▶ **Work task**:
Without any of their pictures, return all of the records exactly.

(Materials provided)

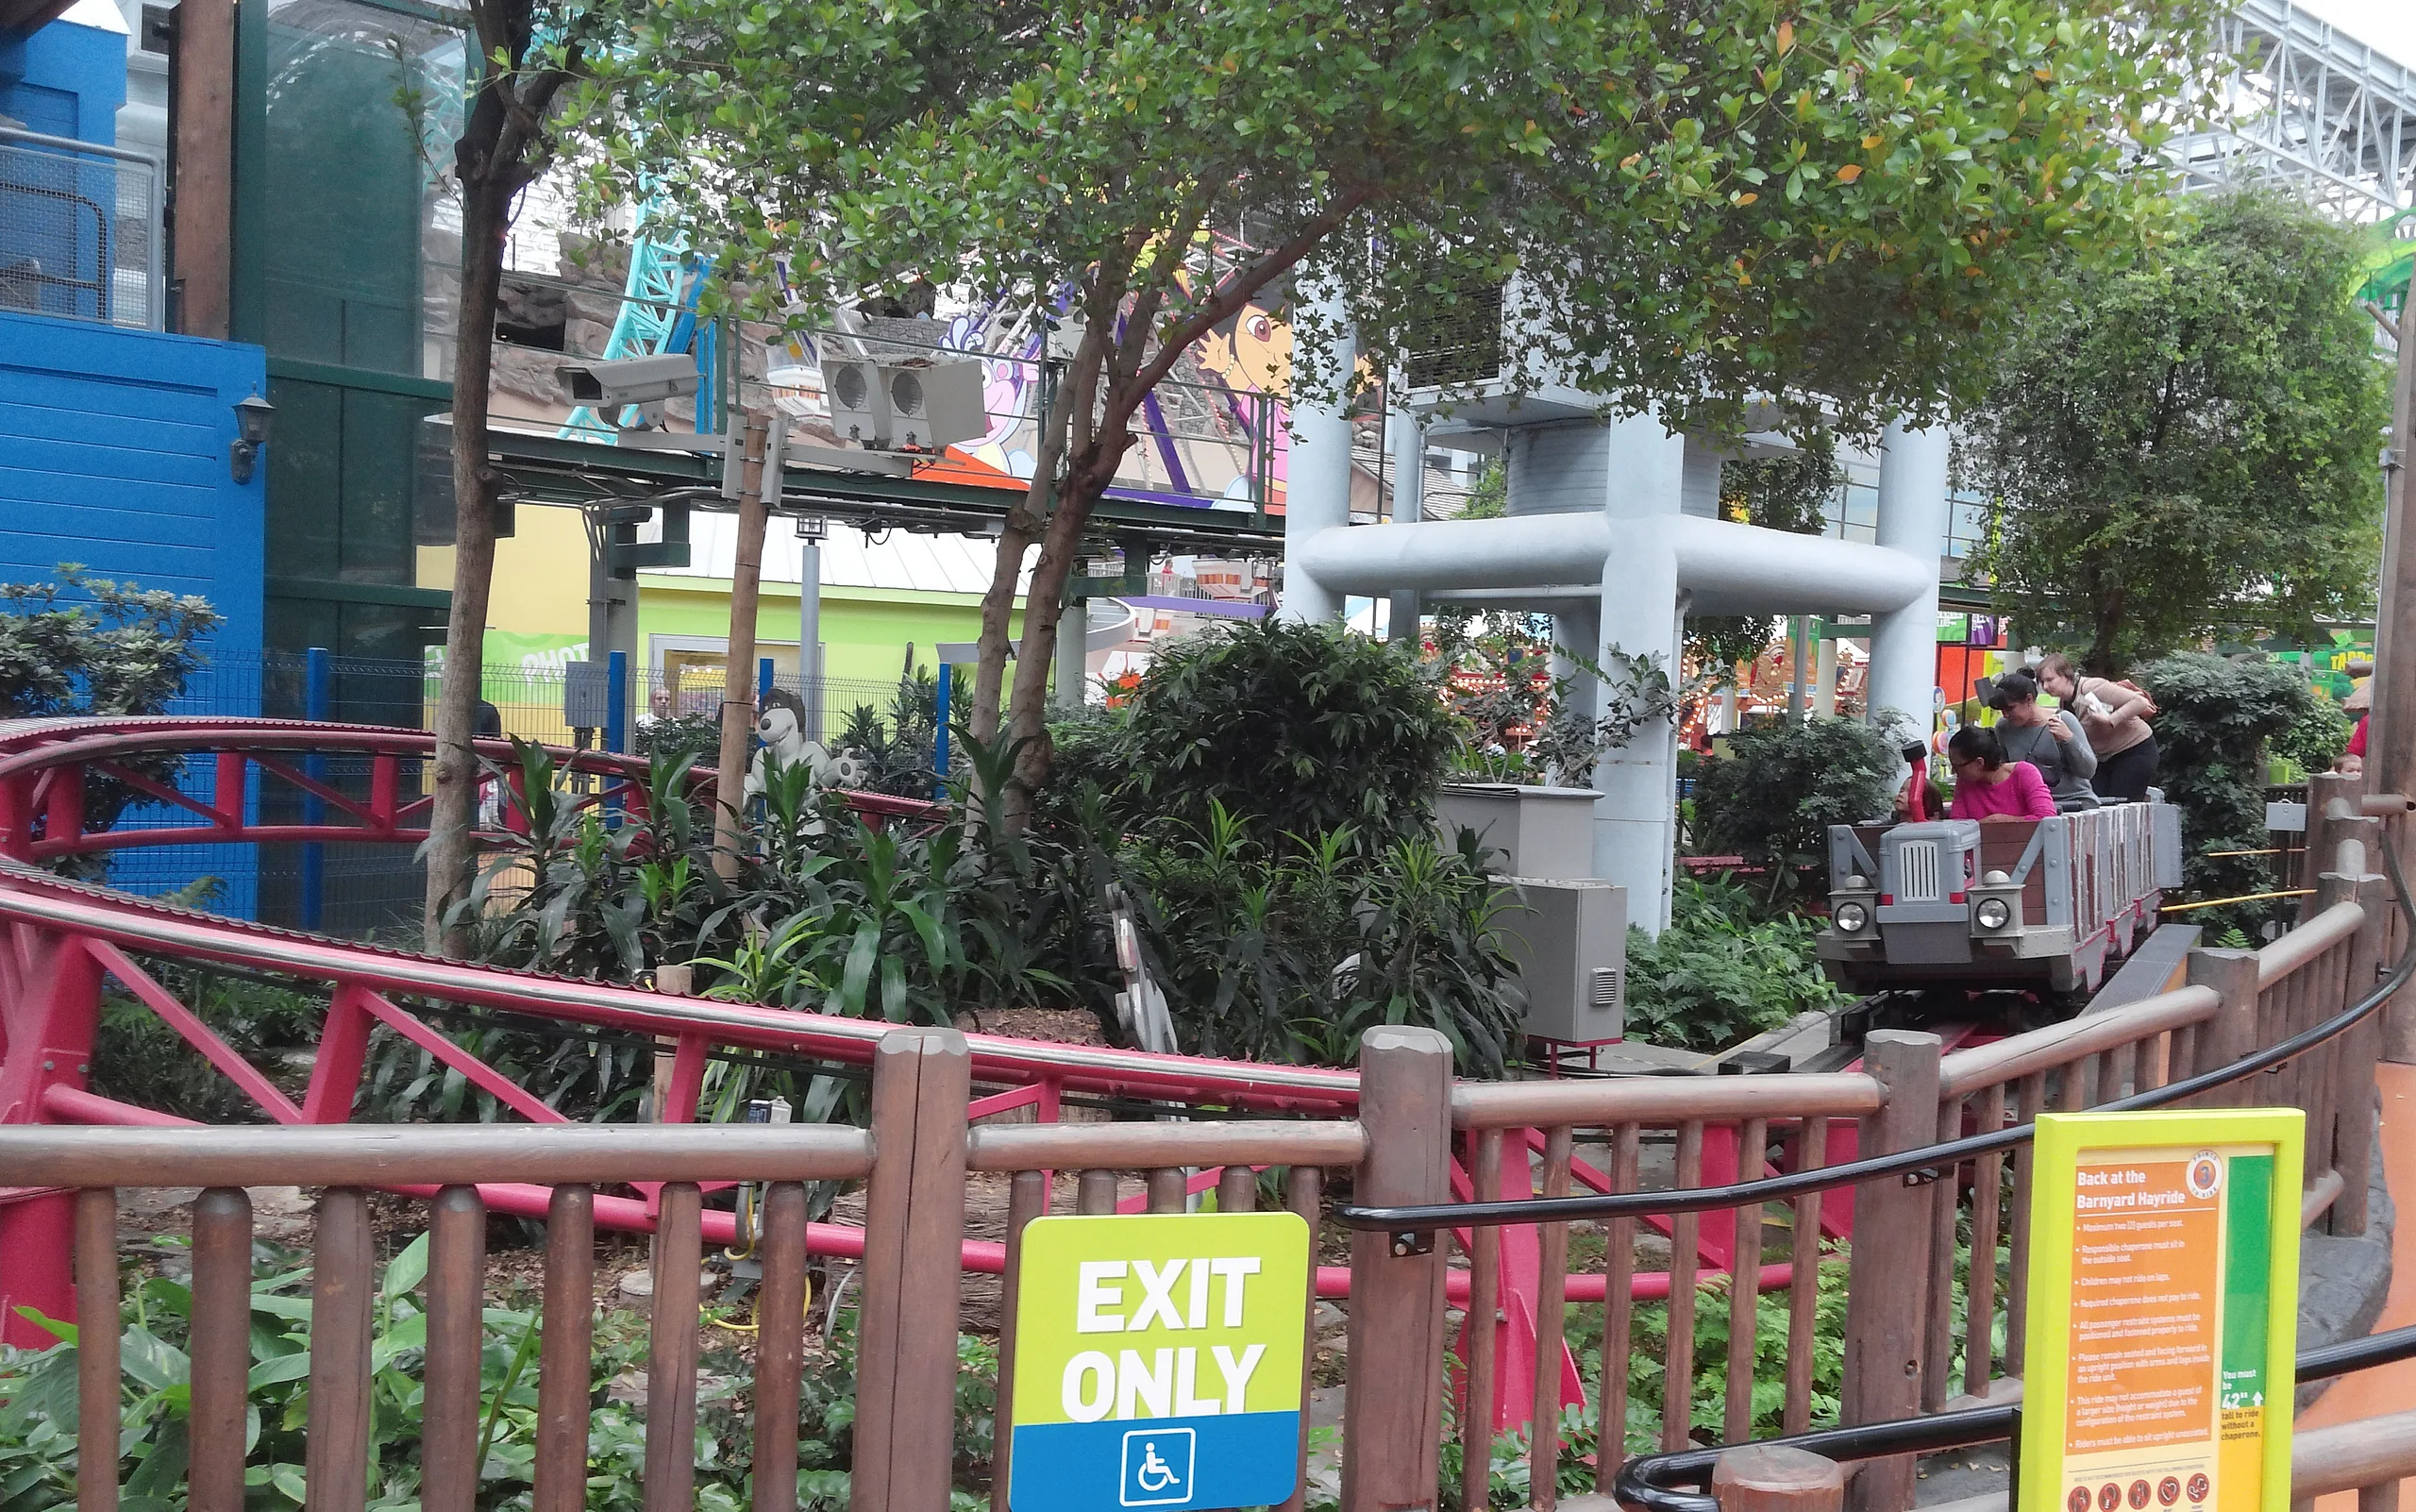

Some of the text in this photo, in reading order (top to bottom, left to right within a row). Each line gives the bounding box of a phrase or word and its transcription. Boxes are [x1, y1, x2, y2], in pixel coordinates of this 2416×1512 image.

[2077, 1170, 2146, 1185] Back at the
[2201, 1166, 2209, 1184] 3
[2077, 1190, 2186, 1210] Barnyard Hayride
[1077, 1257, 1262, 1333] EXIT
[2223, 1369, 2257, 1380] You must
[1062, 1344, 1267, 1422] ONLY
[2222, 1381, 2233, 1389] be
[2222, 1421, 2248, 1430] without
[2222, 1431, 2261, 1441] chaperone.

(End Materials provided)

▶ **Written response**:
Some of the text in this photo, in reading order (top to bottom, left to right within a row). Each line gives the bounding box of a phrase or word and its transcription. Boxes are [x1, y1, x2, y2], in pixel coordinates of this 2416×1512 image.

[2077, 1170, 2146, 1185] Back at the
[2201, 1166, 2209, 1184] 3
[2077, 1190, 2186, 1210] Barnyard Hayride
[1077, 1257, 1262, 1333] EXIT
[2223, 1369, 2257, 1380] You must
[1062, 1344, 1267, 1422] ONLY
[2222, 1381, 2233, 1389] be
[2222, 1421, 2248, 1430] without
[2222, 1431, 2261, 1441] chaperone.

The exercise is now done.